** What is being asked **
Each record here should be printed again exactly; please leave its pictures out.

── Records provided ──

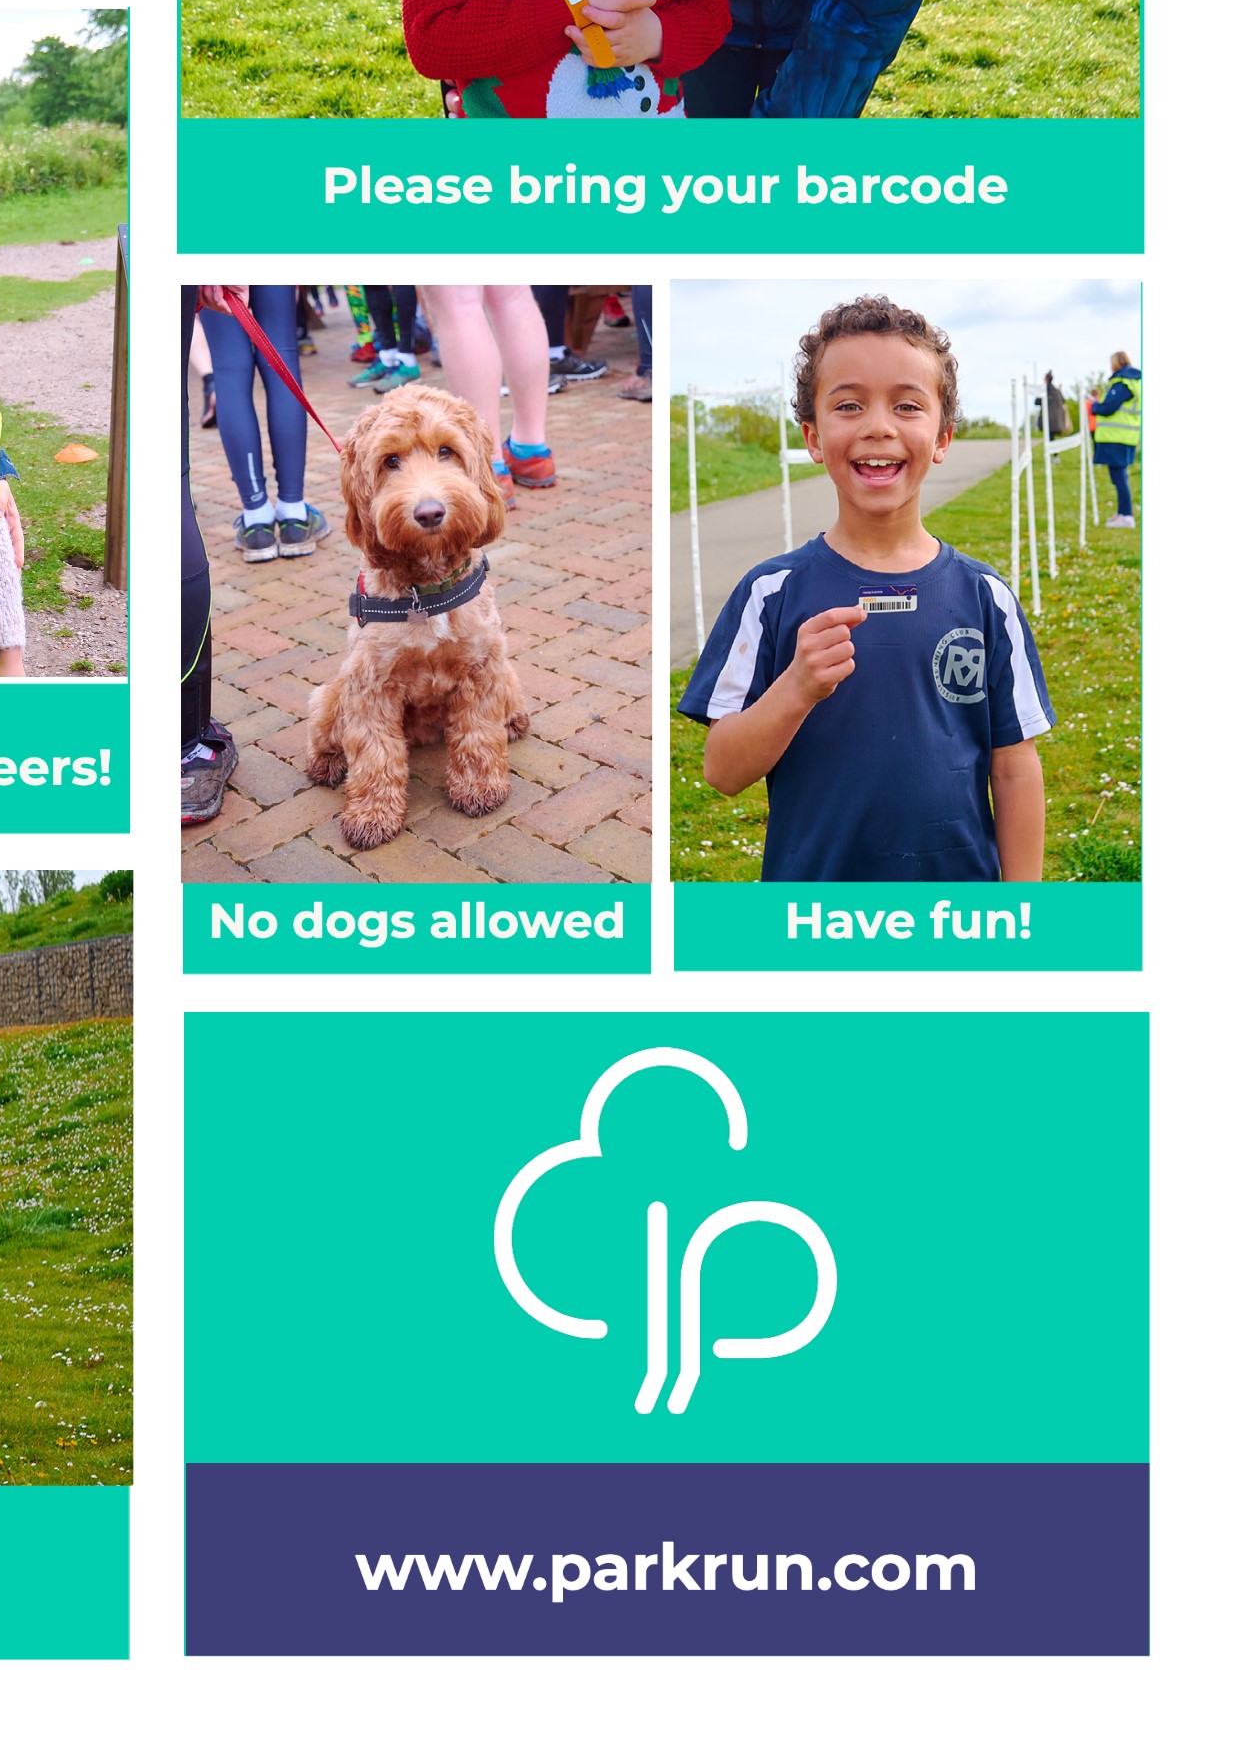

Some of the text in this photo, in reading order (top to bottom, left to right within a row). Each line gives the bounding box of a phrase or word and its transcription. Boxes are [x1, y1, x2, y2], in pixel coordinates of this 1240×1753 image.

[325, 163, 1008, 214] Please bring your barcode
[950, 629, 970, 639] CLUB
[211, 901, 623, 948] No dogs allowed
[788, 900, 1031, 939] Have fun!
[355, 1541, 975, 1603] www.parkrun.com

───

** Answer space **
Some of the text in this photo, in reading order (top to bottom, left to right within a row). Each line gives the bounding box of a phrase or word and its transcription. Boxes are [x1, y1, x2, y2], in pixel coordinates of this 1240×1753 image.

[325, 163, 1008, 214] Please bring your barcode
[950, 629, 970, 639] CLUB
[211, 901, 623, 948] No dogs allowed
[788, 900, 1031, 939] Have fun!
[355, 1541, 975, 1603] www.parkrun.com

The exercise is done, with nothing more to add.